Following a BBC Documentary showing exhausted workers in China, Apple’s Tim Cook answers personally.

Firstly, in the interest of full-disclosure, I do hold Apple stock. I don’t, however think this precludes me for commenting on these stories any more than my living in China does. I will, however, mention that sleeping and repeatedly napping is firmly entrenched in Chinese culture. I’ve observed people who have just woken, napping on a subway right after rising for the day. Students of mine who simply learned English four hours a day napping for five minutes between classes. I’ve also seen horrible working conditions throughout the country. I don’t have an opinion.

BBC Shows Apple Inc. Working Conditions, CEO Cook Responds [VIDEO]

Apple doesn’t run its factories in China but those factories are used to make the company’s products. There is no question that a number of these assembly factories are breaking Apple’s rules, but no one can say with certainty that Apple isn’t trying and that is what the company continues to maintain.

I’m no more a fan of endangering workers than you are of paying $2000 for an iPhone 6. So rather than discussing the documentary which if not embedded here, is readily available elsewhere, let’s turn to Mr. Cook’s “deep offense” with the “Panorama” documentary.

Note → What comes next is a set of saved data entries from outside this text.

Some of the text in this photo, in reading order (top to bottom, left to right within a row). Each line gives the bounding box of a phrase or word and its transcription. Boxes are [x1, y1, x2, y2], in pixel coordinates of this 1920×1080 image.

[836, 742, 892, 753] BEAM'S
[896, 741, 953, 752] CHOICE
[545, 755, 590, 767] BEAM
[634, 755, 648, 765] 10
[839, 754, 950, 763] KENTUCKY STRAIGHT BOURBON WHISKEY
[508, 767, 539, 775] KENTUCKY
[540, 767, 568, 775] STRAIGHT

At the request of Tim Cook, Jeff Williams, Apple senior vice president of operations, sent and email to roughly 5000 Apple employees throughout the UK stating that each were “deeply offended by the suggestion that Apple would break a promise to the workers in our supply chain or mislead our customers in any way.”

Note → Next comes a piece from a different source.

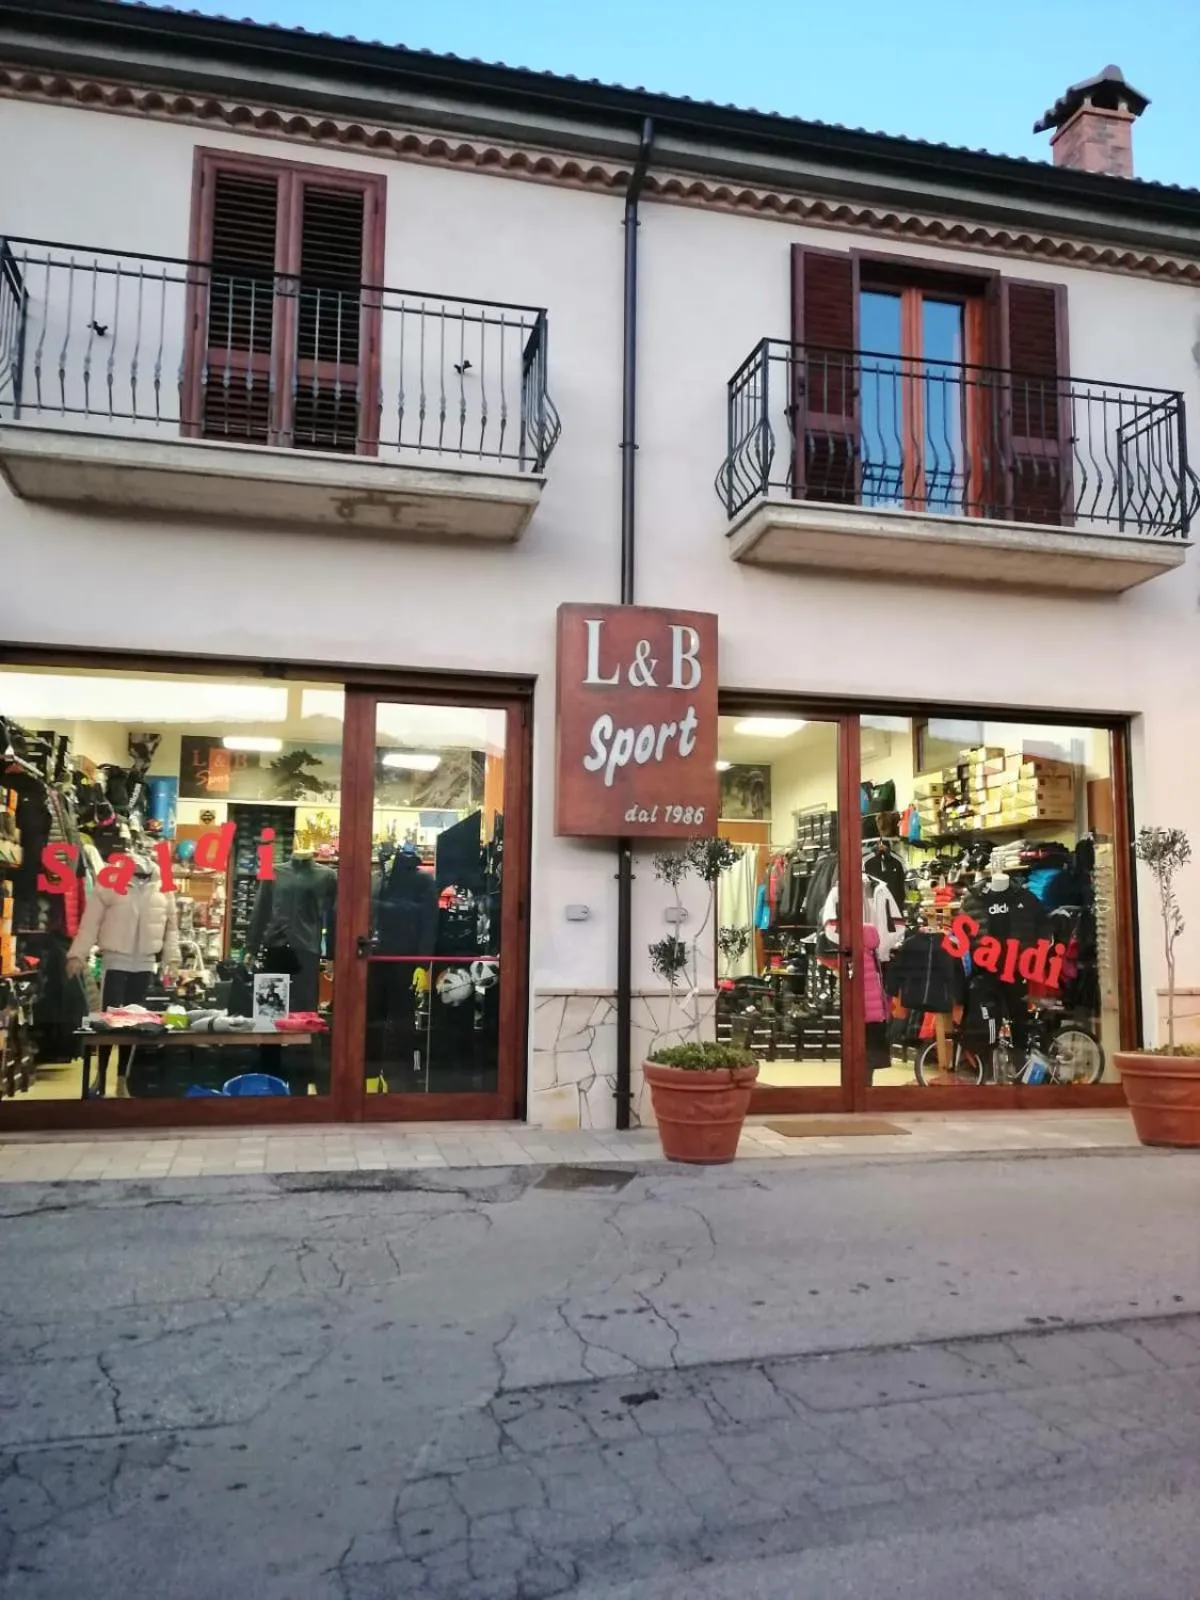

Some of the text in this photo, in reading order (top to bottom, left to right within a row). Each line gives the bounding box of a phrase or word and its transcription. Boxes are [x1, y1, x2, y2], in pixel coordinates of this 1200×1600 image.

[583, 706, 698, 787] Sport
[624, 804, 705, 825] dal 1986
[37, 821, 276, 896] Saldi
[940, 913, 1066, 989] Saldi

“Panorama’s report implied that Apple isn’t improving working conditions,” he continued. “Let me tell you, nothing could be further from the truth.”

Working conditions at Apple: Additional excerpts from the email include:

Williams spoke to 93% compliance with the 60-hour work week saying, “We can still do better. And we will.” Adding that the roughly 1,400 workers in China are “talented engineers and managers who are also compassionate people, trained to speak up when they see safety risks or mistreatment.”

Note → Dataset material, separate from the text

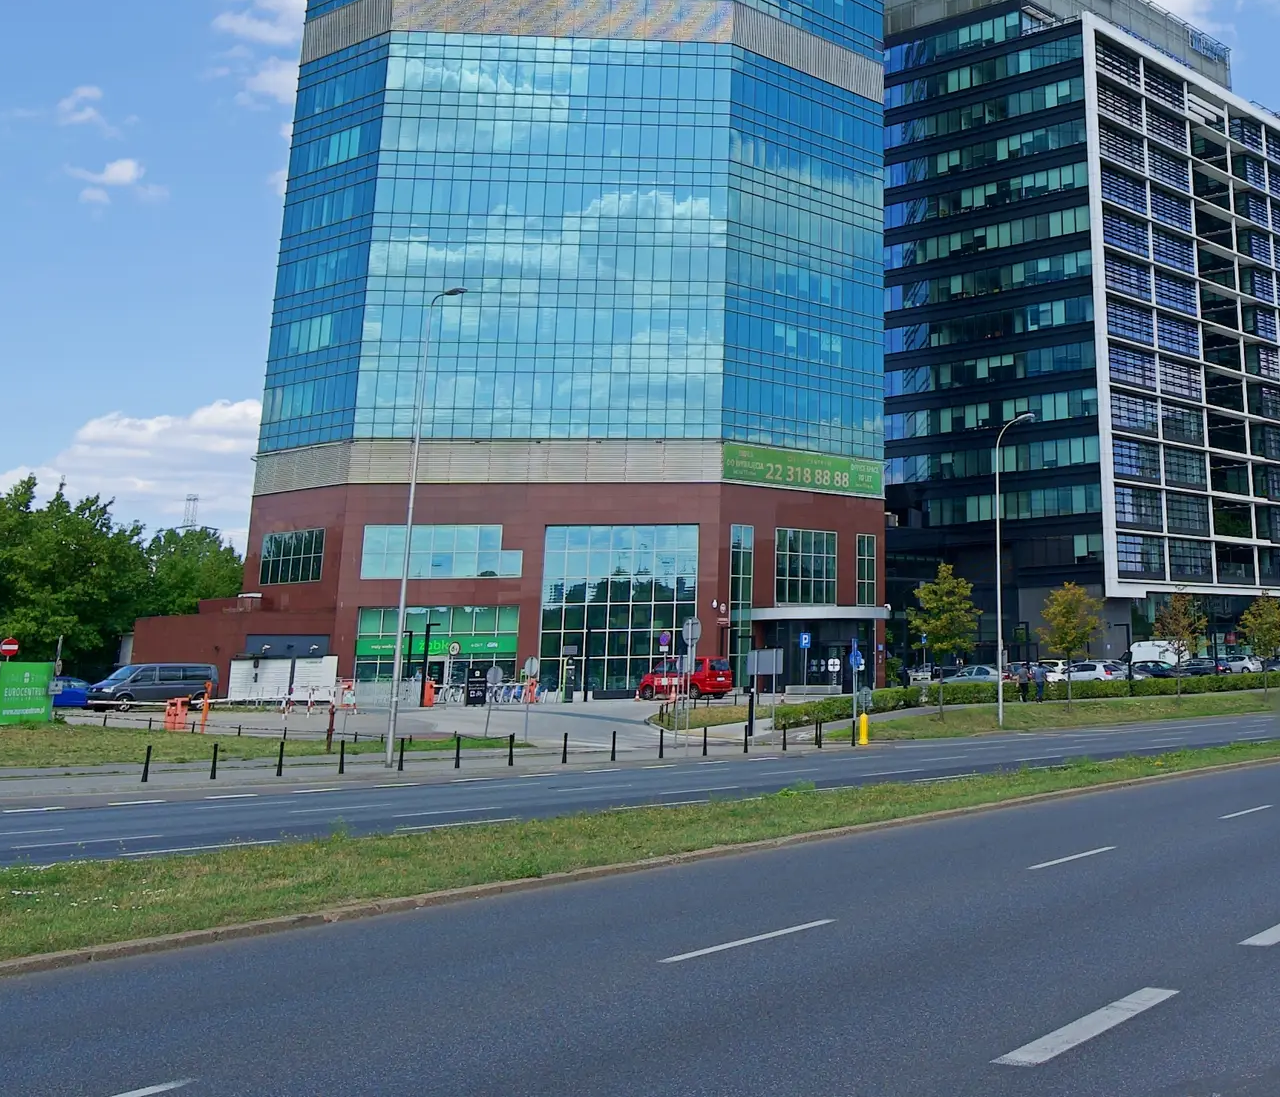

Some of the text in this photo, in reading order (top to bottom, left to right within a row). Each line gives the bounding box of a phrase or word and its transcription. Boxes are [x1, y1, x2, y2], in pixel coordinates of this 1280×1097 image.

[765, 462, 850, 488] 22 318 88 88
[419, 640, 450, 652] żabk

“We know of no other company doing as much as Apple does to ensure fair and safe working conditions, to discover and investigate problems, to fix and follow through when issues arise, and to provide transparency into the operations of our suppliers,” he said.

The “Panorama” documentary included children working in tin mines in Indonesia to which Williams answered:

“Apple has publicly stated that tin from Indonesia ends up in our products, and some of that tin likely comes from illegal mines,” Williams countered.

“Tens of thousands of artisanal miners are selling tin through many middlemen to the smelters who supply to component suppliers who sell to the world. The government is not addressing the issue, and there is widespread corruption in the undeveloped supply chain. Our team visited the same parts of Indonesia visited by the BBC, and of course we are appalled by what’s going on there.

“Apple has two choices: We could make sure all of our suppliers buy tin from smelters outside of Indonesia, which would probably be the easiest thing for us to do and would certainly shield us from criticism. But it would be the lazy and cowardly path, because it would do nothing to improve the situation for Indonesian workers or the environment since Apple consumes a tiny fraction of the tin mined there. We chose the second path, which is to stay engaged and try to drive a collective solution.”